The clinical trial test results ultimately revealed only 48% of efficacy against symptomatic disease . . . for the unmodified mRNA vaccine, suggesting that modified Ψ and use of LNP [lipid nanoparticle] technology were both critical success factors for platform validation of mRNA . . . .
© 2021 Pedro Morais, Hironori Adachi and Yi-Tao Yu, The Critical Contribution of Pseudouridine to mRNA COVID-19 Vaccines, Frontiers in Cell and Developmental Biology, https://doi.org/10.3389/fcell.2021.789427 (04 November 2021)
How . . .
. . . anyone would intentionally make the above-described a stability-enhancing biochemical choice — and then simultaneously state that the new mRNA construct does nothing to boost long-term protective durability or conceivable mischief — under 'real life' physiological conditions — defies rational comprehension.
My guess is that 'somebody' misled the public by an intentional omission of fact or suspected fact.
Does this the increased mRNA vaccine longevity matter?
No one knows.
No has tested, or methodically followed up on vaccination health outcomes, in a very large population of people.

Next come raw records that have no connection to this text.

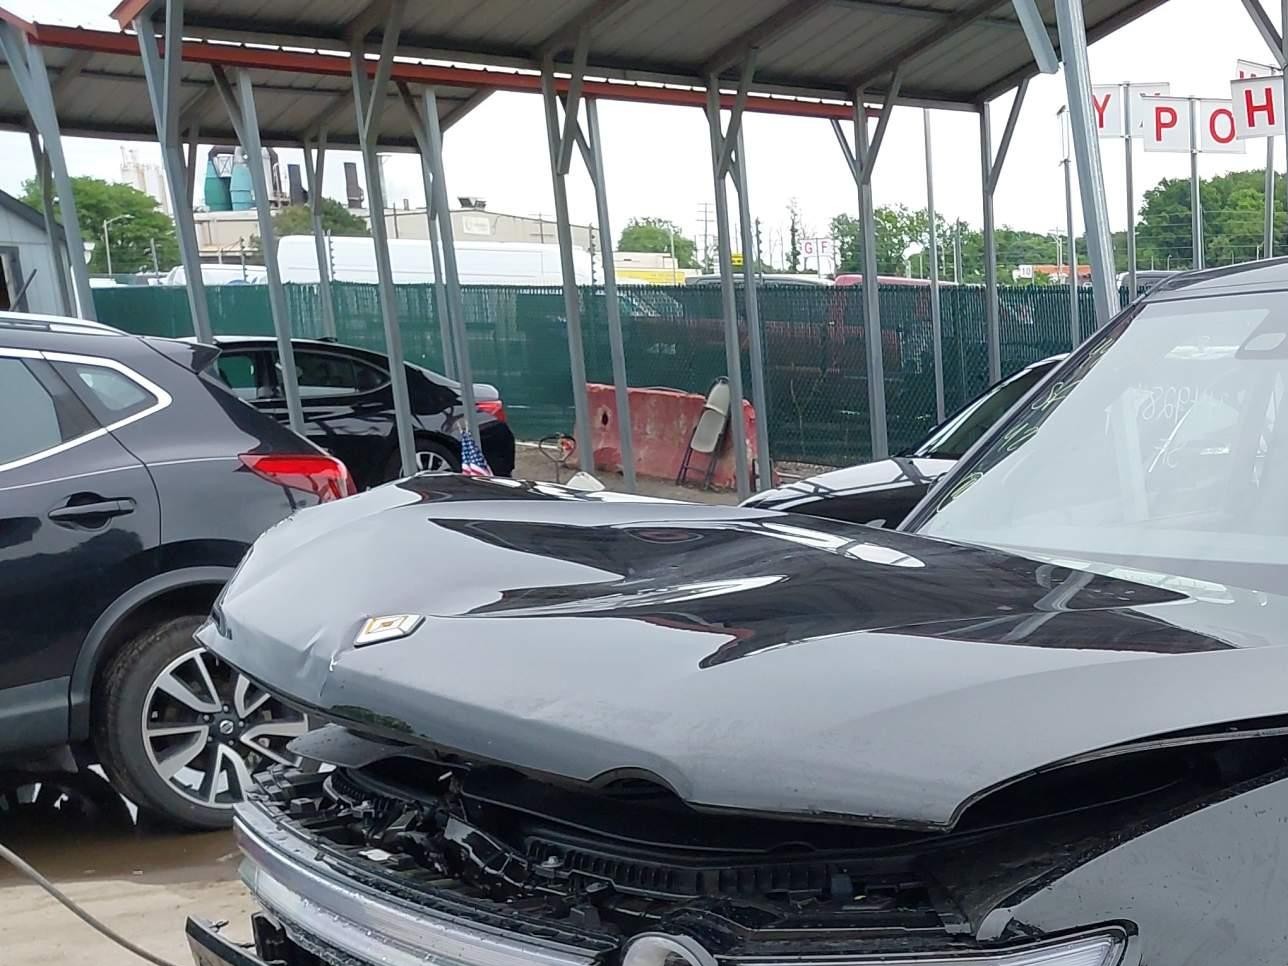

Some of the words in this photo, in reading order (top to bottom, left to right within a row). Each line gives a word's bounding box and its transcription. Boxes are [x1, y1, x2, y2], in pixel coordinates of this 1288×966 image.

[1091, 93, 1112, 129] Y
[1155, 106, 1178, 142] P
[1244, 87, 1275, 127] H
[1209, 108, 1236, 144] O
[821, 241, 828, 254] F

Yet it seems to me that COVID mRNA vaccines' (and their generated spike proteins) longevity in some people's bodies (according to this one research paper) — might explain some of the negative consequences that a few patients have experienced after being injected.

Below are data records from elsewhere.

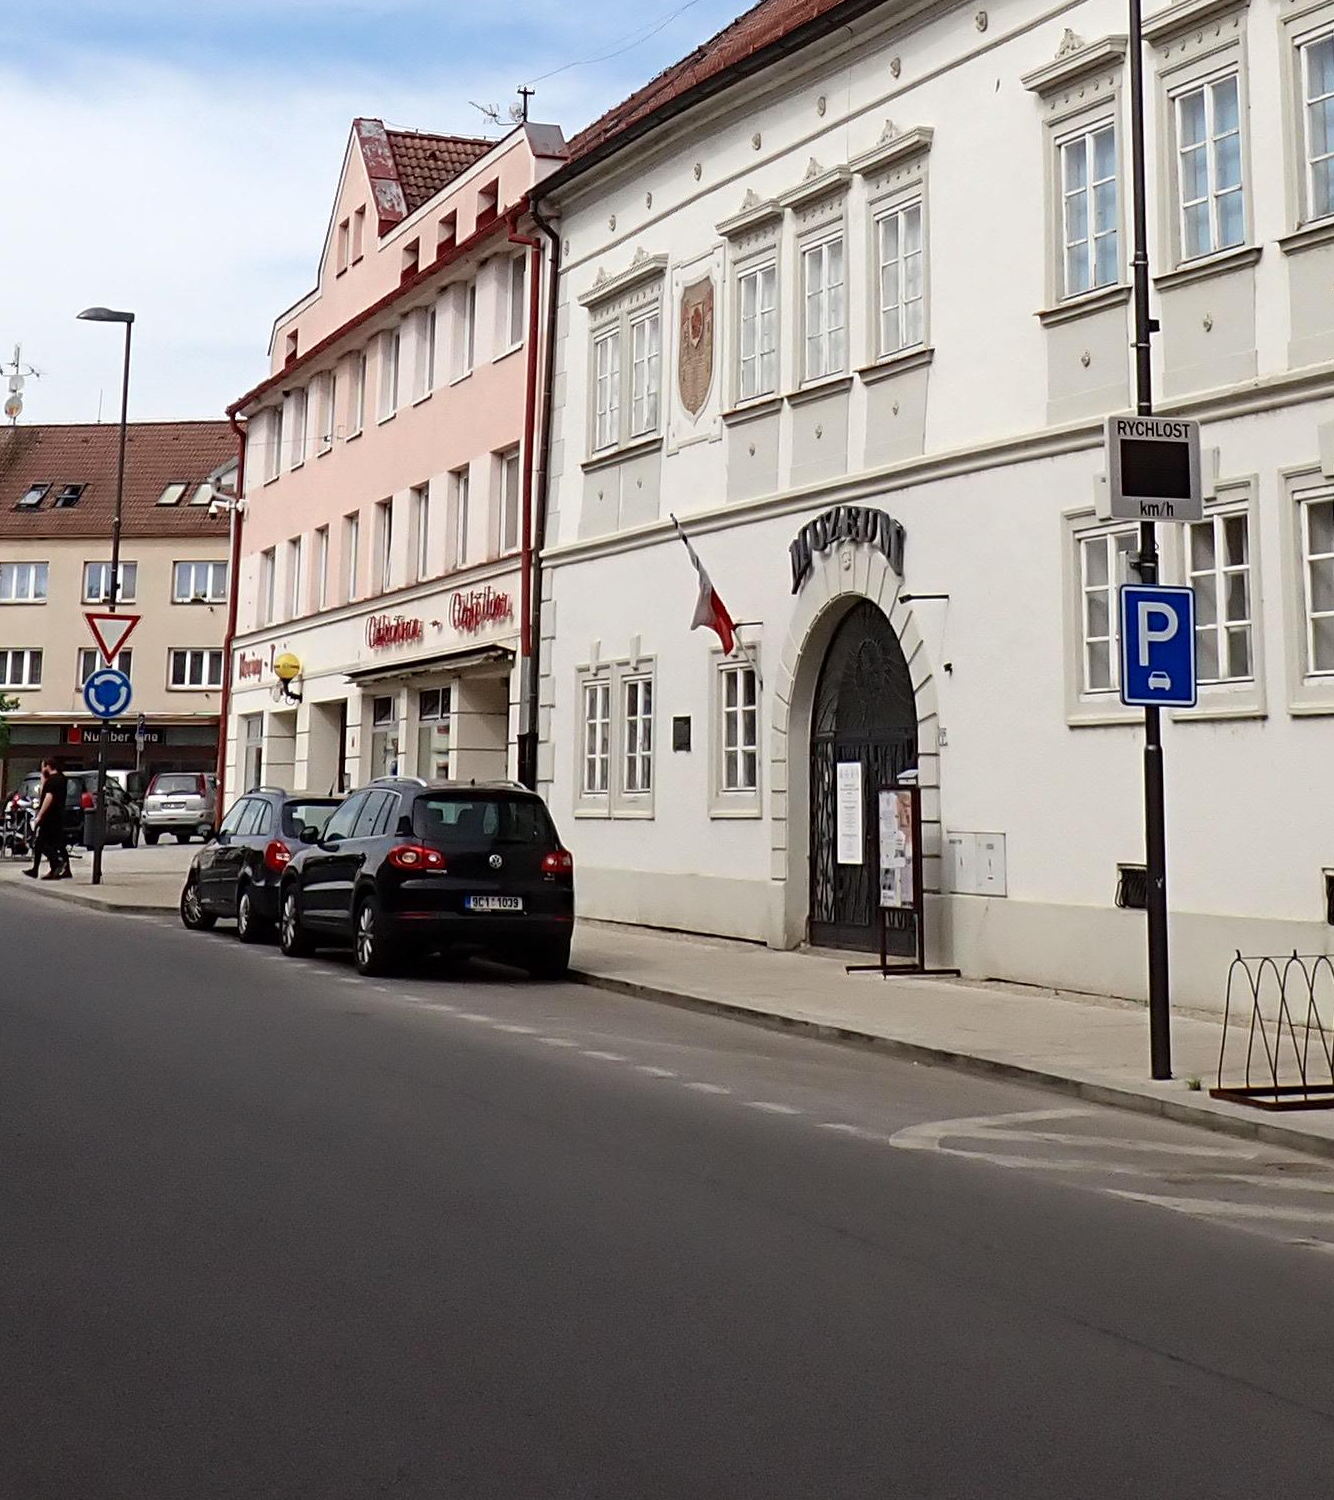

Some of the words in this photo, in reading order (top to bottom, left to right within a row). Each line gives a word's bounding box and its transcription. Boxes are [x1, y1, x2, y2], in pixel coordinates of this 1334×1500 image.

[1117, 420, 1190, 438] RYCHLOST
[1140, 501, 1174, 516] km/h
[789, 505, 906, 596] MUZEUM
[1137, 601, 1179, 667] P
[83, 730, 130, 742] Nuber
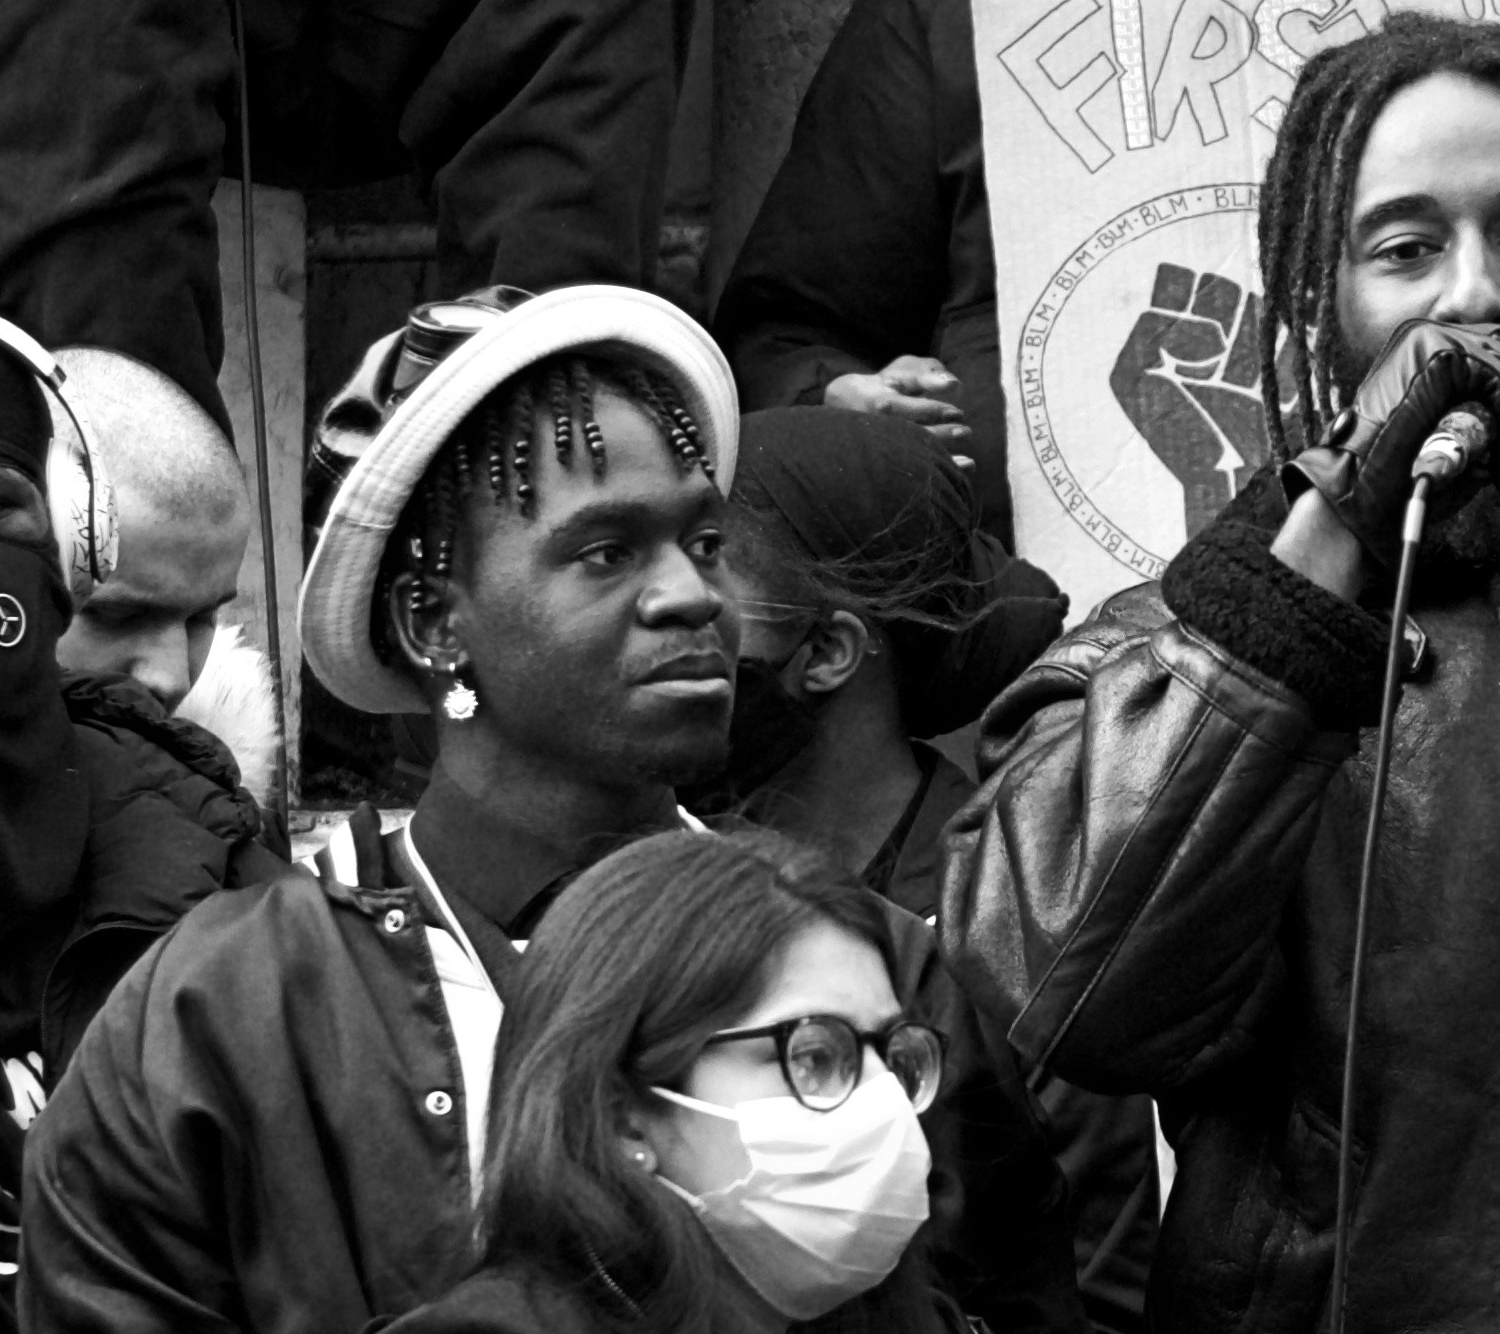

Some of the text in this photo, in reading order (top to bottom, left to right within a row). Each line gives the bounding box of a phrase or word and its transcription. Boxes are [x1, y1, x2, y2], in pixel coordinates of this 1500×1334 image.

[1139, 195, 1188, 226] BLM
[1099, 219, 1134, 250] BLM
[1055, 250, 1094, 291] BLM
[1025, 303, 1055, 347] BLM
[1024, 368, 1044, 409] BLM
[1033, 423, 1058, 464] BLM
[1051, 469, 1083, 511] BLM
[1083, 514, 1123, 553] BLM

The moral? — This is why ethically based vaccine development takes many years
At least so, when a public agrees that turning an entire population in metaphorical guinea pigs is morally unacceptable.
So, what can be learned from our emergency-based use of mRNA COVID vaccines?
Answer:
Do not discount Big Pharma's avaricious profit motive and Government-fomented fearmongering as under-the-radar, population-sized guinea pig makers.

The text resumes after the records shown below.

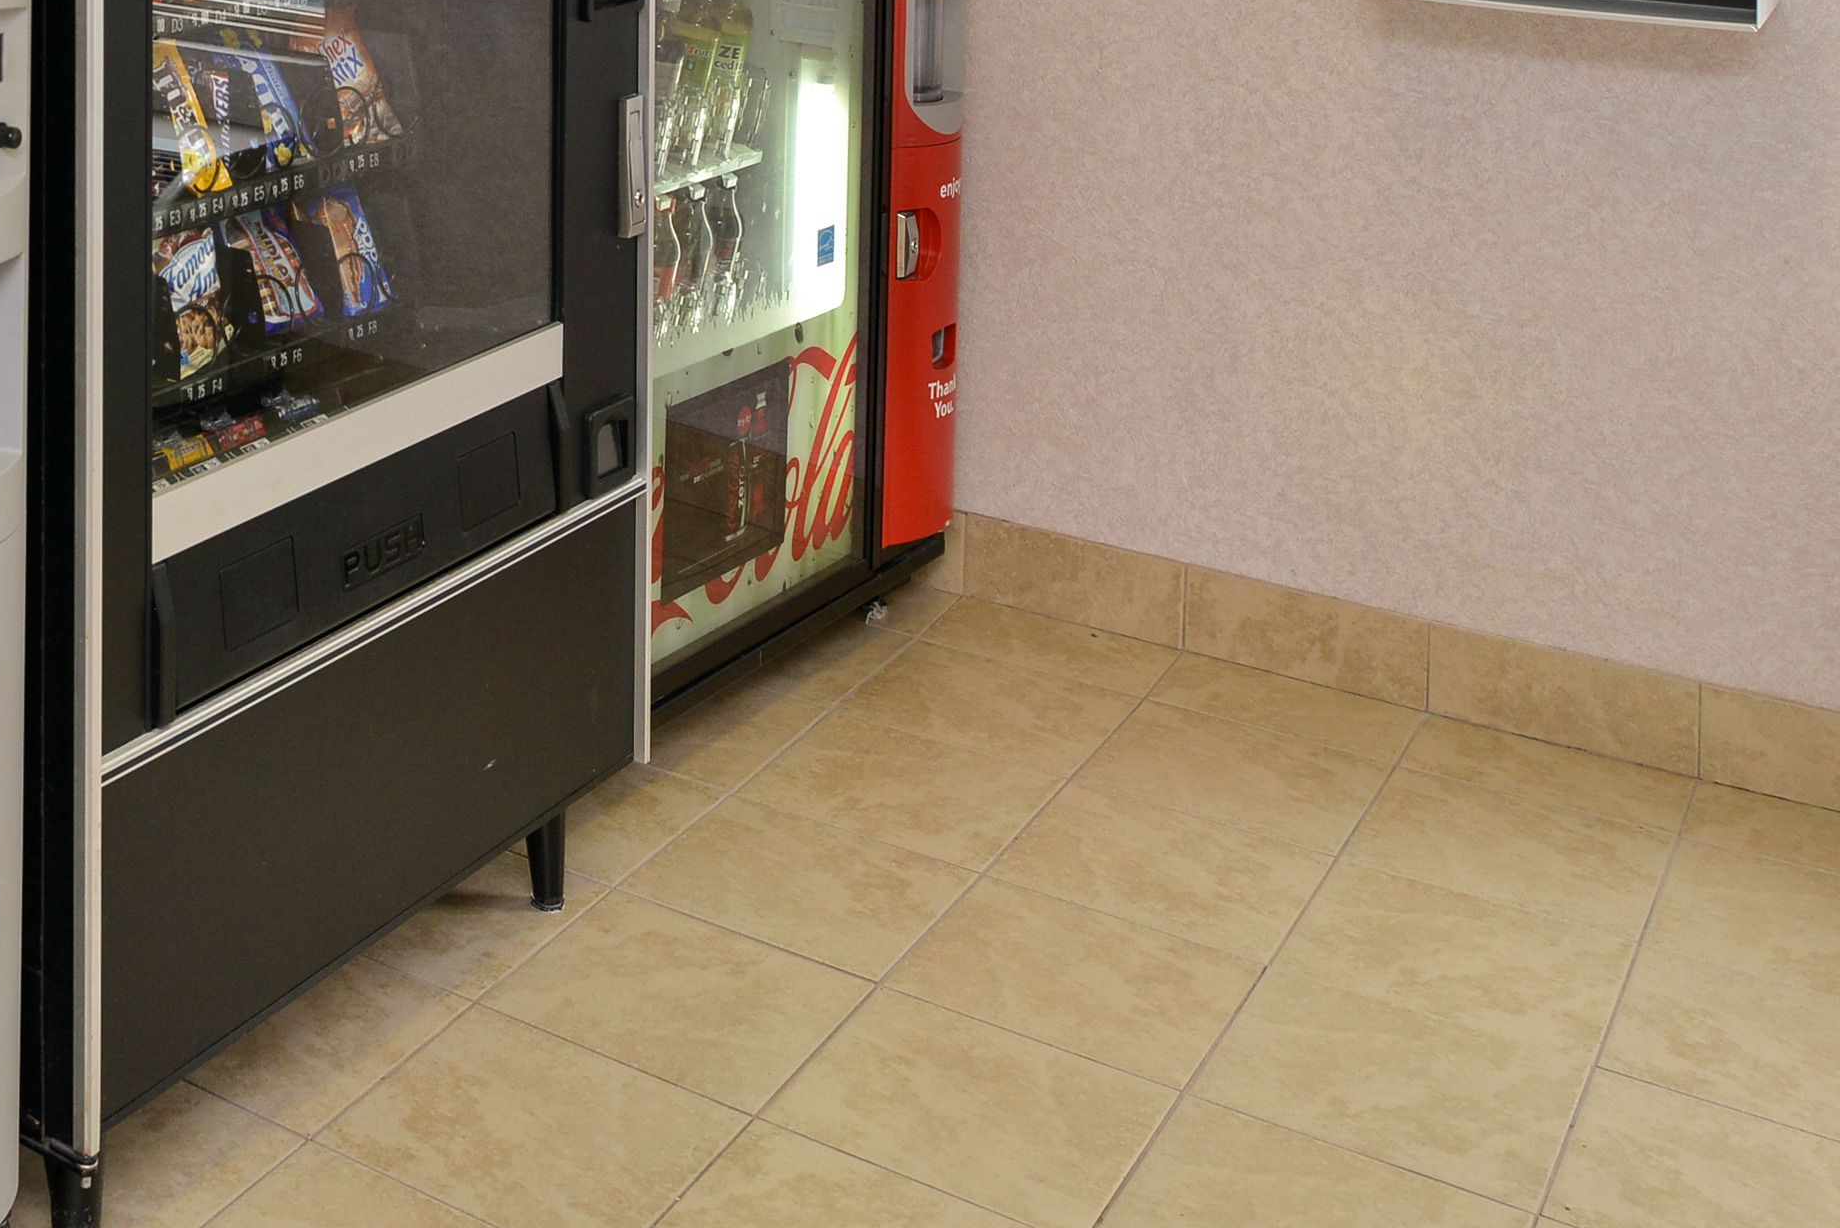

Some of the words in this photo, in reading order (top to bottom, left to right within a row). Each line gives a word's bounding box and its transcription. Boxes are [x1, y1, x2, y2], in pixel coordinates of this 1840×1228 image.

[171, 18, 184, 34] D3
[320, 29, 352, 64] hex
[369, 151, 380, 167] E8
[293, 174, 305, 190] E6
[254, 185, 265, 201] E5
[212, 196, 224, 212] E4
[169, 210, 181, 224] E3
[292, 348, 303, 364] F6
[212, 378, 223, 393] F4
[342, 520, 426, 588] PUSH

This is the kind of deceptive diminution of potential risk(s) that eventually breeds distrust in societal institutions.
I am not quarreling with these vaccines' now-demonstrated efficacy (in some demographics) in preventing serious SARS-CoV-2 illness in many people.
Nor am I criticizing both manufacturers' decisions to go with biochemical properties that would allow their vaccines to survive long enough (in the body) to do some good.
However, I am pointing out that misleading people about possibly unfavorable risk-benefit ratios of those interventions — in possibly noticeable numbers of people — is unethical and probably societally counterproductive over the long term.
On the other hand, if one (as a scientifically minded person) reads the above-linked article about the development of these two mRNA COVID vaccines — one cannot come away without admiring (and supporting) the biochemical ingenuity that went into creating them.
Helpful medical advances are ahead.
It would be nice, if we do not kill medical progress with a backlash resulting from continuing to indulge the duplicity and avarice-based fearmongering that accompanied the COVID-19 pandemic.
People understand honesty and, often, scientific ambiguity.
Those characteristics, after all, are what generally take place — every day — in interactions among medical providers and their patients.